Source material:
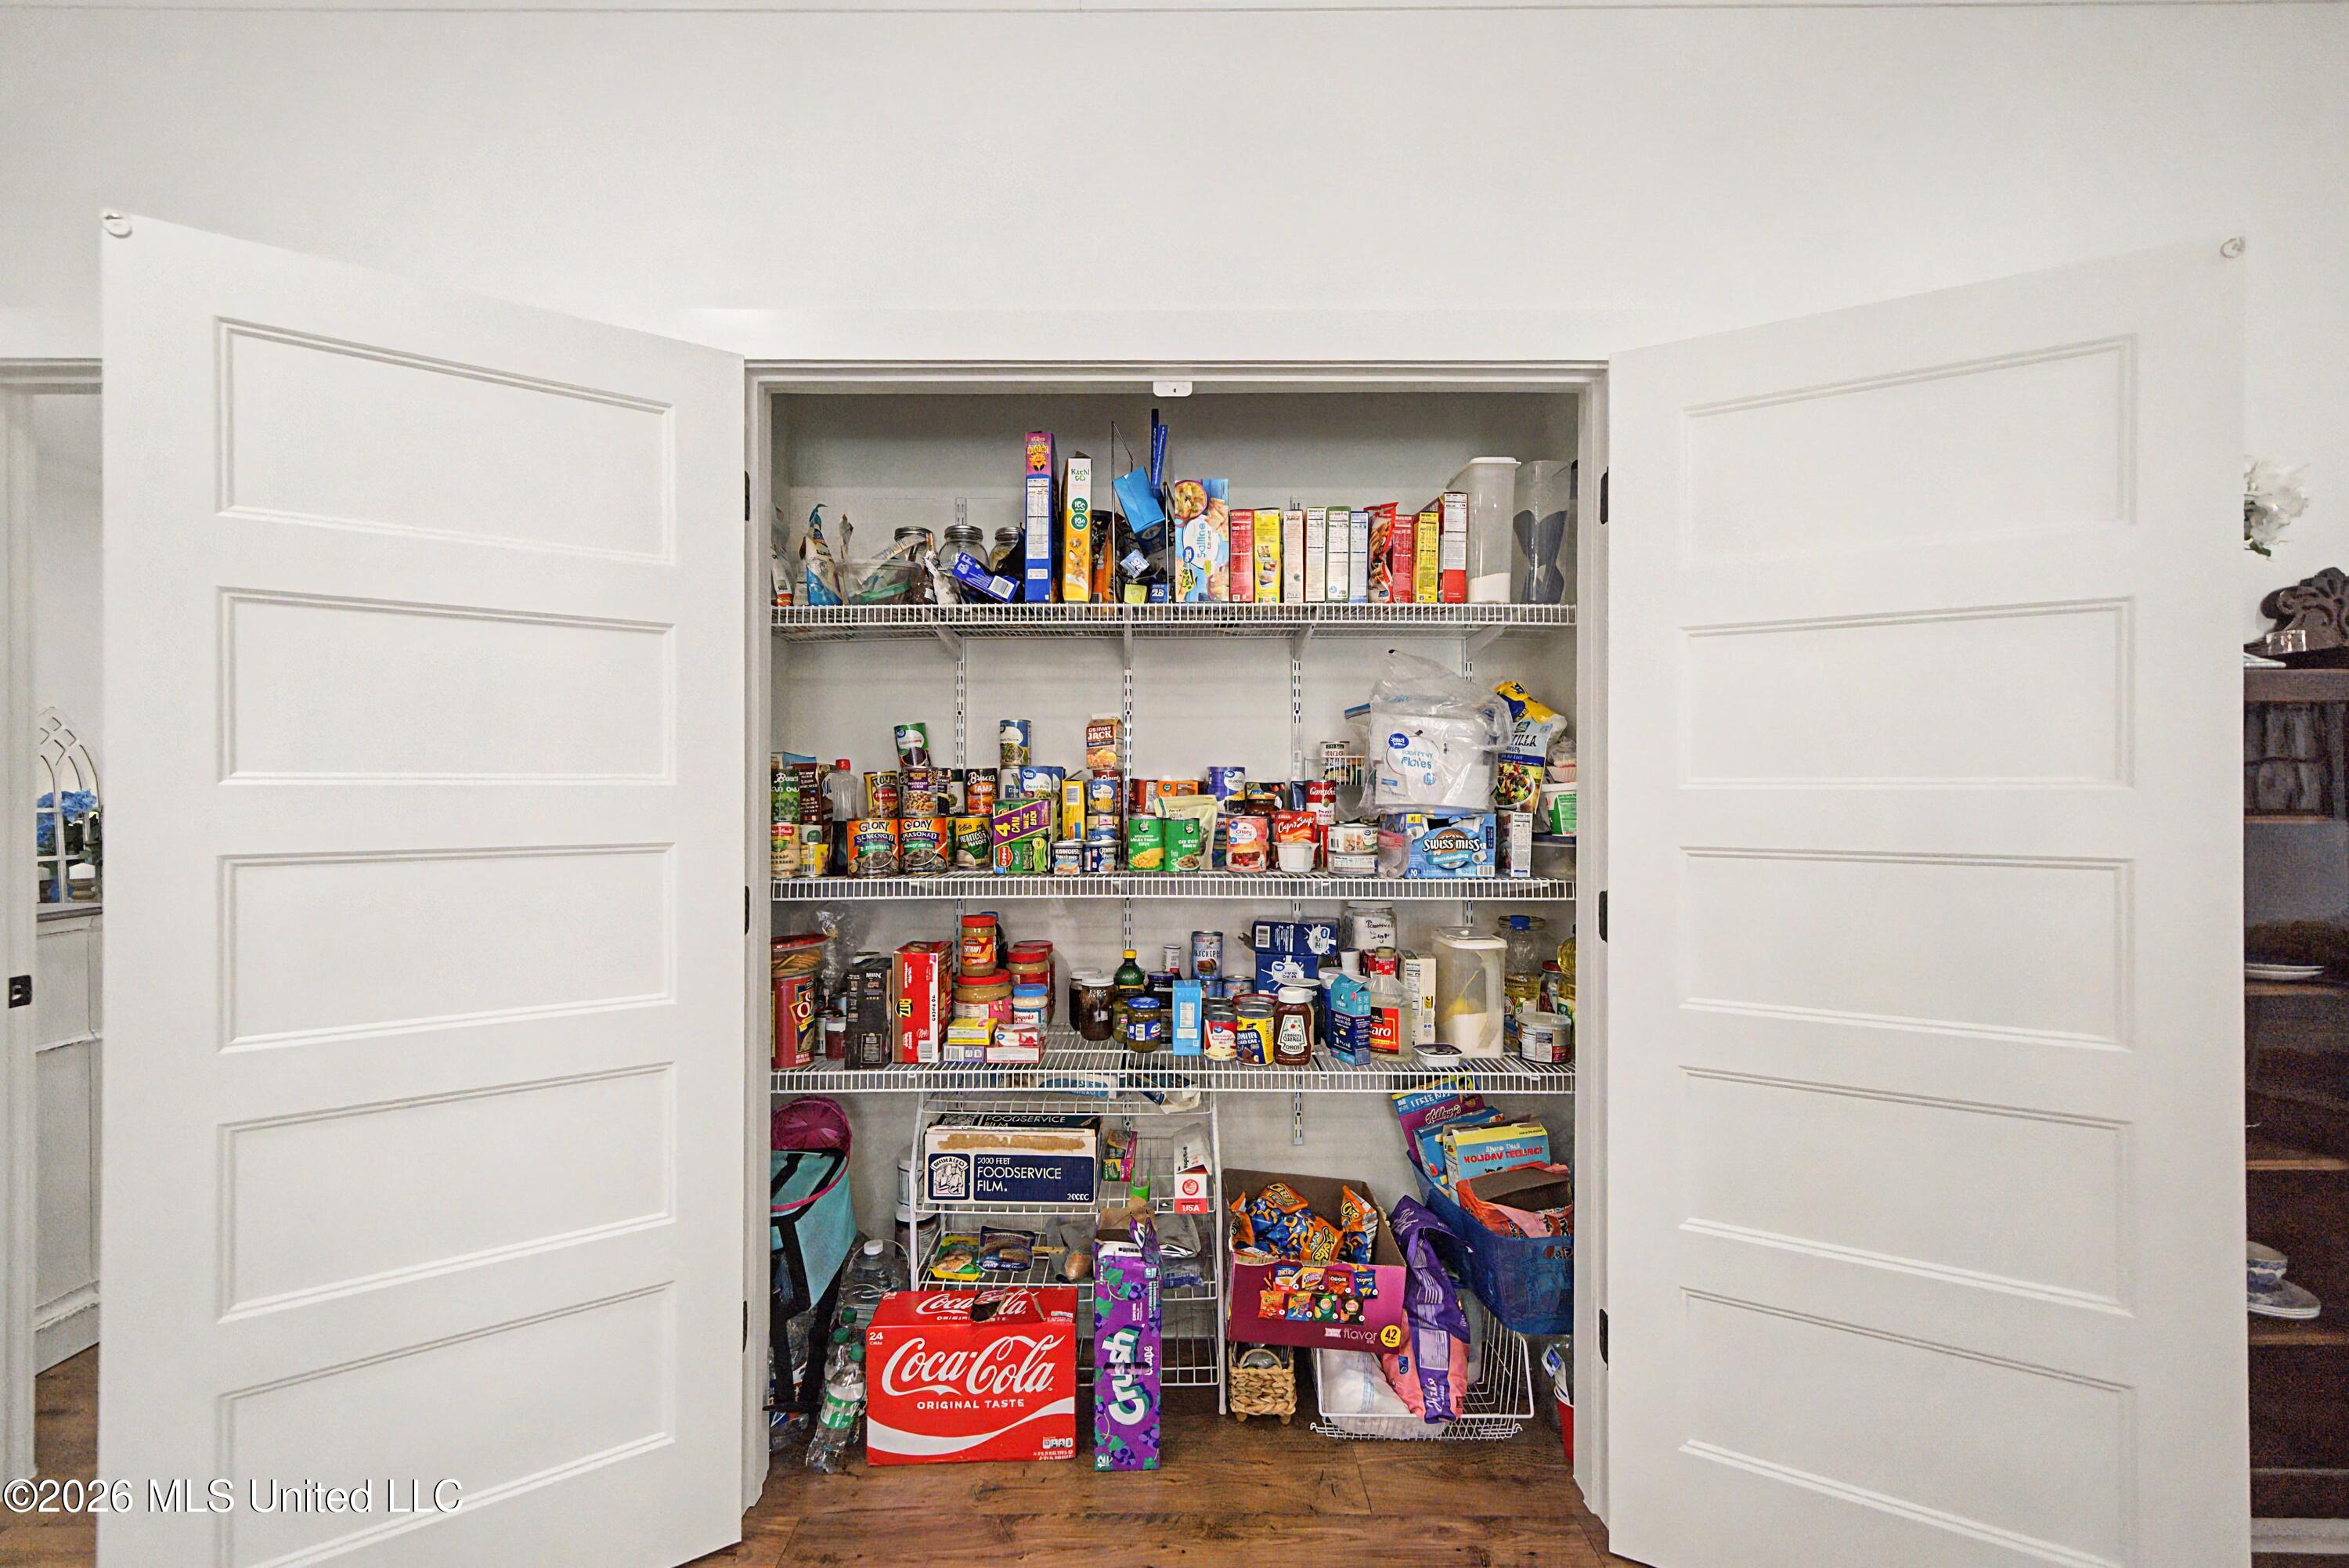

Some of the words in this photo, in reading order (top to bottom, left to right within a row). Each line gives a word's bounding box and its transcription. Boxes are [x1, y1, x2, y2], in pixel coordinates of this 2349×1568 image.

[995, 823, 1011, 837] 4
[1423, 838, 1454, 851] SWISS
[1454, 838, 1481, 851] MISS
[1370, 1026, 1391, 1037] aro
[986, 1115, 1066, 1124] FOODSERVICE
[977, 1166, 1062, 1181] FOODSERVICE
[869, 1332, 884, 1341] 24
[1344, 1328, 1378, 1341] flavor
[1384, 1328, 1398, 1340] 42
[882, 1334, 1066, 1397] Coca-Cola
[917, 1400, 980, 1410] ORIGINAL
[985, 1398, 1025, 1408] TASTE

What the task requires:
What you return should be all of the material above, exactly, and none of its pictures.

Answer space:
Some of the words in this photo, in reading order (top to bottom, left to right within a row). Each line gives a word's bounding box and its transcription. Boxes are [x1, y1, x2, y2], in pixel coordinates of this 2349×1568 image.

[995, 823, 1011, 837] 4
[1423, 838, 1454, 851] SWISS
[1454, 838, 1481, 851] MISS
[1370, 1026, 1391, 1037] aro
[986, 1115, 1066, 1124] FOODSERVICE
[977, 1166, 1062, 1181] FOODSERVICE
[869, 1332, 884, 1341] 24
[1344, 1328, 1378, 1341] flavor
[1384, 1328, 1398, 1340] 42
[882, 1334, 1066, 1397] Coca-Cola
[917, 1400, 980, 1410] ORIGINAL
[985, 1398, 1025, 1408] TASTE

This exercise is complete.